#### [WORK TO COMPLETE]
The reply should give back every entry exactly as written.

(Records contained in a dataset)
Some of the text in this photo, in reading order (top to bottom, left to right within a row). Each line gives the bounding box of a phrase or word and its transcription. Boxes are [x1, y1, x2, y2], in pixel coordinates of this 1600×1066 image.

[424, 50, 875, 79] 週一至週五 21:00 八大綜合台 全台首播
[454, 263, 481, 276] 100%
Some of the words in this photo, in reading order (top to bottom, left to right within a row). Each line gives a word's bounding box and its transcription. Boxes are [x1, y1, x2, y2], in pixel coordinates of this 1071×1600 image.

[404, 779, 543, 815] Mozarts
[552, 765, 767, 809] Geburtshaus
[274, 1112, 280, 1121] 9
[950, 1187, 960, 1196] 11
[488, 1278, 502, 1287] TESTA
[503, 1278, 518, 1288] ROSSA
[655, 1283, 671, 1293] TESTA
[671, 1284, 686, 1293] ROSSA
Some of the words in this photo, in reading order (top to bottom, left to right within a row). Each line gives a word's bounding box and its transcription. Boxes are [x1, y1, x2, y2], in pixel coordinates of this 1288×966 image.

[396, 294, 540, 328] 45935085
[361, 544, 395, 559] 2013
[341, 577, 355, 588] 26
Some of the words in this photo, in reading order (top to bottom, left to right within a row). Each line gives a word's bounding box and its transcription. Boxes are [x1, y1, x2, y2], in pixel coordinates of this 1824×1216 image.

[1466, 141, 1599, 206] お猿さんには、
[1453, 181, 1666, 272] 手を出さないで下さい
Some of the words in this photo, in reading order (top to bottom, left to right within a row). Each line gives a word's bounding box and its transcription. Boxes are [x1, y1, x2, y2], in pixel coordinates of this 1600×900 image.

#### [YOUR RESPONSE]
Some of the text in this photo, in reading order (top to bottom, left to right within a row). Each line gives the bounding box of a phrase or word and its transcription. Boxes are [x1, y1, x2, y2], in pixel coordinates of this 1600×1066 image.

[424, 50, 875, 79] 週一至週五 21:00 八大綜合台 全台首播
[454, 263, 481, 276] 100%
Some of the words in this photo, in reading order (top to bottom, left to right within a row). Each line gives a word's bounding box and its transcription. Boxes are [x1, y1, x2, y2], in pixel coordinates of this 1071×1600 image.

[404, 779, 543, 815] Mozarts
[552, 765, 767, 809] Geburtshaus
[274, 1112, 280, 1121] 9
[950, 1187, 960, 1196] 11
[488, 1278, 502, 1287] TESTA
[503, 1278, 518, 1288] ROSSA
[655, 1283, 671, 1293] TESTA
[671, 1284, 686, 1293] ROSSA
Some of the words in this photo, in reading order (top to bottom, left to right within a row). Each line gives a word's bounding box and its transcription. Boxes are [x1, y1, x2, y2], in pixel coordinates of this 1288×966 image.

[396, 294, 540, 328] 45935085
[361, 544, 395, 559] 2013
[341, 577, 355, 588] 26
Some of the words in this photo, in reading order (top to bottom, left to right within a row). Each line gives a word's bounding box and its transcription. Boxes are [x1, y1, x2, y2], in pixel coordinates of this 1824×1216 image.

[1466, 141, 1599, 206] お猿さんには、
[1453, 181, 1666, 272] 手を出さないで下さい
Some of the words in this photo, in reading order (top to bottom, left to right within a row). Each line gives a word's bounding box and its transcription. Boxes are [x1, y1, x2, y2], in pixel coordinates of this 1600×900 image.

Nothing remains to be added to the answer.